[PATCH] Signal semantics for /sbin/init

Eric W. Biederman ebiederm at xmission.com
Tue Oct 30 15:25:51 PDT 2007


sukadev at us.ibm.com writes:

> | This change by making the presence of a signal handler effectively
> | a permission check allows us to do all of the work before
> | we enqueue the signal.  Which means that we can now allow
> | force_sig_info to send signals to init and that panic the kernel
> | instead of going into an infinite busy loop taking an exception
> | sending a signal and then retaking the same exception.
> | 
> | This change also makes it possible to easily implement the 
> | the desired semantics of /sbin/init for pid namespaces where
> | outer processes can kill init but processes inside the pid
> | namespace can not.
> | 
> | Please take a look and tell me what you think.
>
> Overall, it looks good, couple of questions below. Will port my
> patches and test it out.
>
> | 
> | diff --git a/kernel/signal.c b/kernel/signal.c
> | index 4537bdd..79856eb 100644
> | --- a/kernel/signal.c
> | +++ b/kernel/signal.c
> | @@ -546,6 +546,22 @@ static int check_kill_permission(int sig, struct siginfo
> *info,
> |  	return security_task_kill(t, info, sig, 0);
> |  }
> | 
> | +static int sig_available(struct task_struct *tsk, int sig)
>
> Hmm. IMHO, 'available' is not immediately obvious/clear.

Agreed.  It was what I had to work with.  I have since renamed it
sig_init_drop.  Which is a little better.

> | +{
> | +	void __user * handler;
> | +	int available = 1;
> | +
> | +	if (likely(!is_global_init(tsk)))
> | +		goto out;
>
> With multiple pid namespaces, I guess, this would become
>
> 	if (!is_container_init(tsk))
> 		goto out;

Although I need to make that tsk->group_leader.

> 	/* from parent namespace, don't ignore */
> 	if (!task_in_descendant_ns(tsk))
> 		goto out;
>
> If this is correct, I have a question below re: do_sigaction.

> | +
> | +	handler = tsk->sighand->action[sig-1].sa.sa_handler;
> | +	available = (handler != SIG_IGN) &&
> | +		    (handler != SIG_DFL);
>
> Can we use sig_user_defined() for the above checks ? sig_available()
> looks like an extension of sig_user_defined() for init. 

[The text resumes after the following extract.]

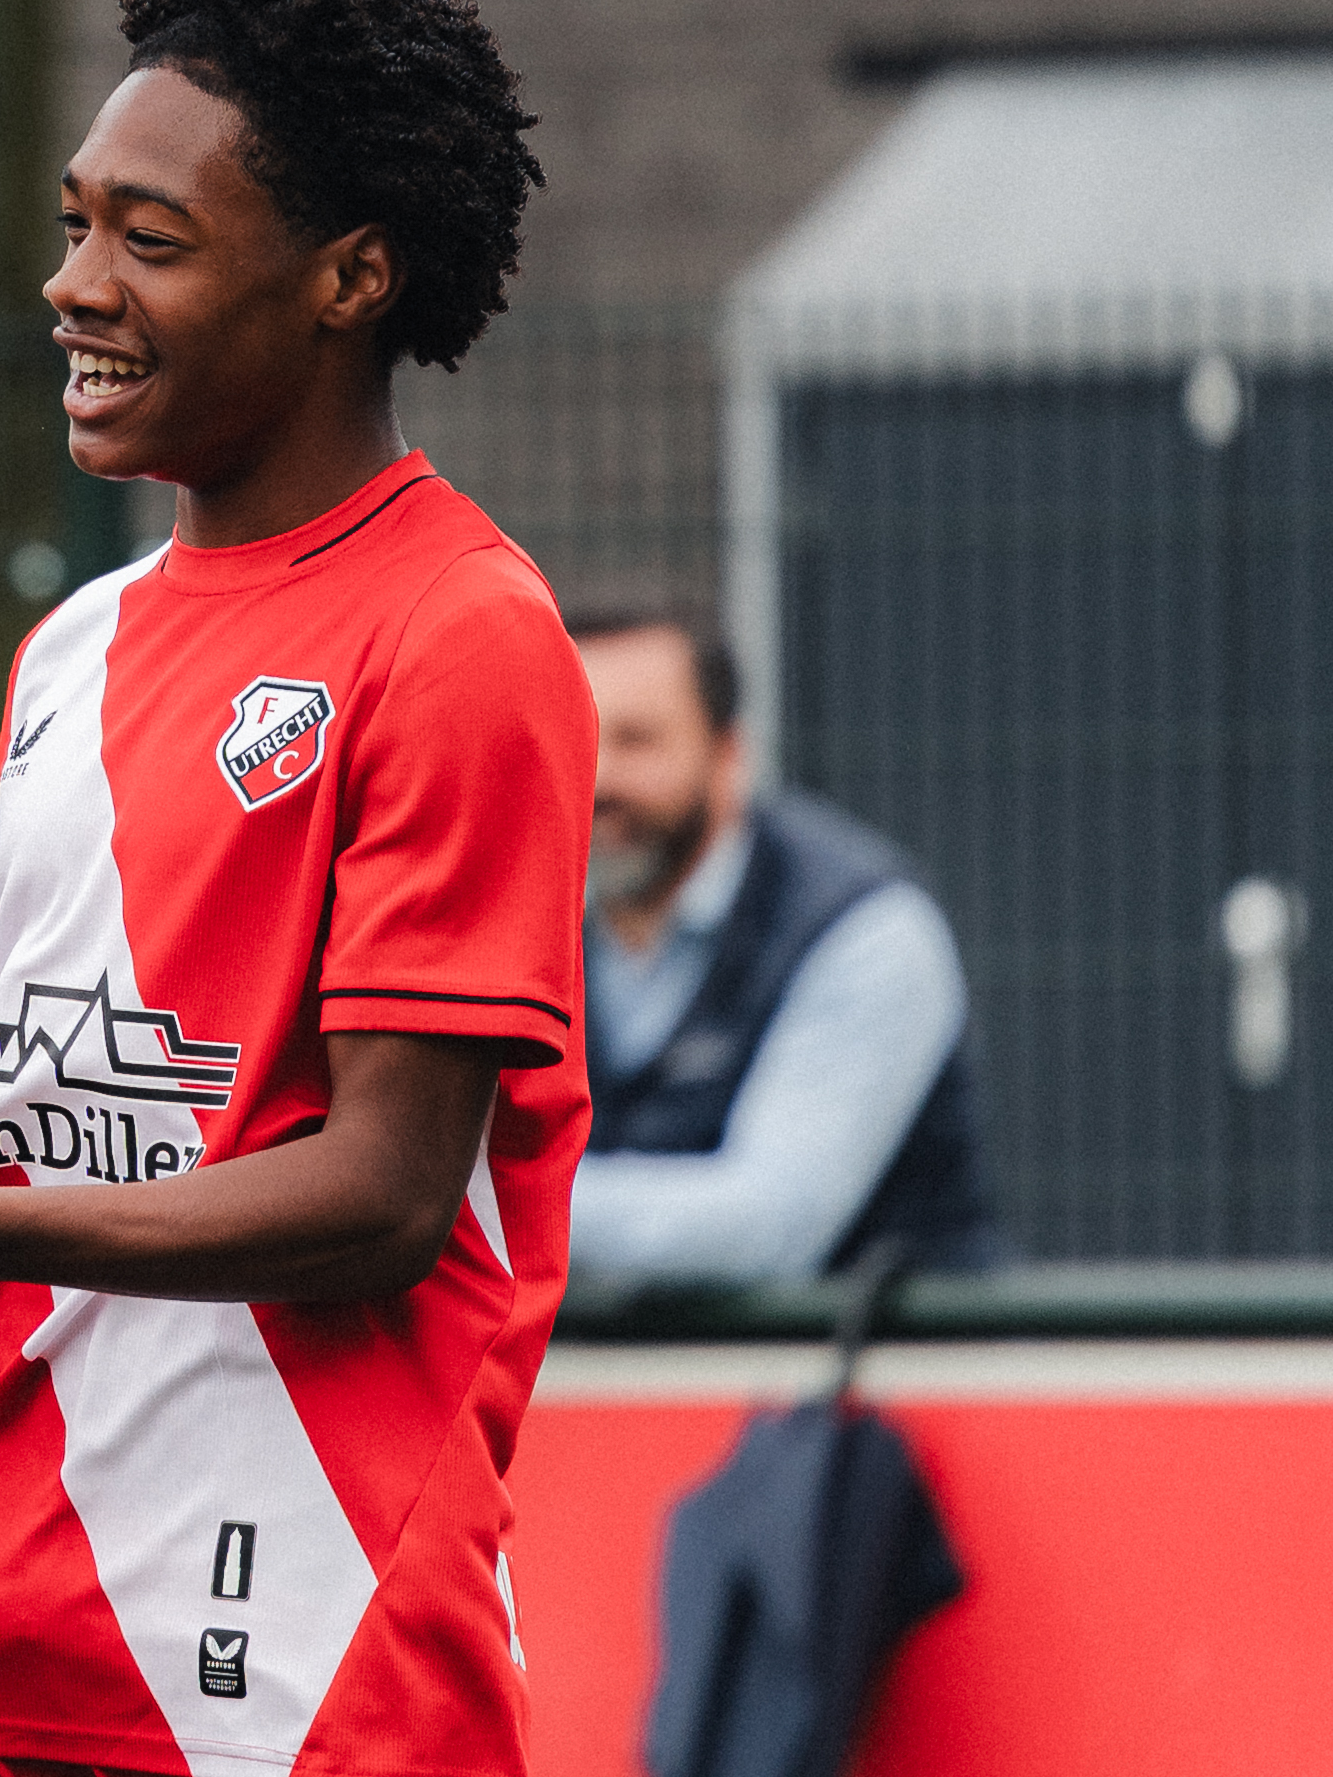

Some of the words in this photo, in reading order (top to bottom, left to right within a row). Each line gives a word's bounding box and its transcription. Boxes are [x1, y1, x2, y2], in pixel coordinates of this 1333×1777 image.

Well the SIG_IGN check is actually wrong here.  We should just check
for SIG_DFL if we want to maintain the most possible compatibility.


> How about 
> sig_init_user_defined() or reverse the logic and use sig_init_ignore()
> like Oleg did ?

That could work.

> | +out:
> | +	return available;
> | +}
> | +
> | +
> |  /* forward decl */
> |  static void do_notify_parent_cldstop(struct task_struct *tsk, int why);
> | 
> | @@ -948,6 +964,9 @@ __group_send_sig_info(int sig, struct siginfo *info,
> struct task_struct *p)
> |  	int ret = 0;
> | 
> |  	assert_spin_locked(&p->sighand->siglock);
> | +	if (!sig_available(p, sig))
> | +		return ret;
> | +
>
> |  	handle_stop_signal(sig, p);
> | 
> |  	/* Short-circuit ignored signals.  */
> | @@ -1379,6 +1398,11 @@ send_group_sigqueue(int sig, struct sigqueue *q, struct
> task_struct *p)
> |  	read_lock(&tasklist_lock);
> |  	/* Since it_lock is held, p->sighand cannot be NULL. */
> |  	spin_lock_irqsave(&p->sighand->siglock, flags);
> | +	if (!sig_available(p, sig)) {
> | +		ret = 1;
> | +		goto out;
> | +	}
> | +
> |  	handle_stop_signal(sig, p);
> | 
> |  	/* Short-circuit ignored signals.  */
> 	
> Hmm. I see now that Oleg's approach would result in the sig_init_ignore()
> check being done twice (once in handle_stop_signal() and once in the following
> sig_ignored()).
>
> Is that why you don't fold sig_available() into sig_ignored() ? Or, there
> other more important/correctness issues as well ?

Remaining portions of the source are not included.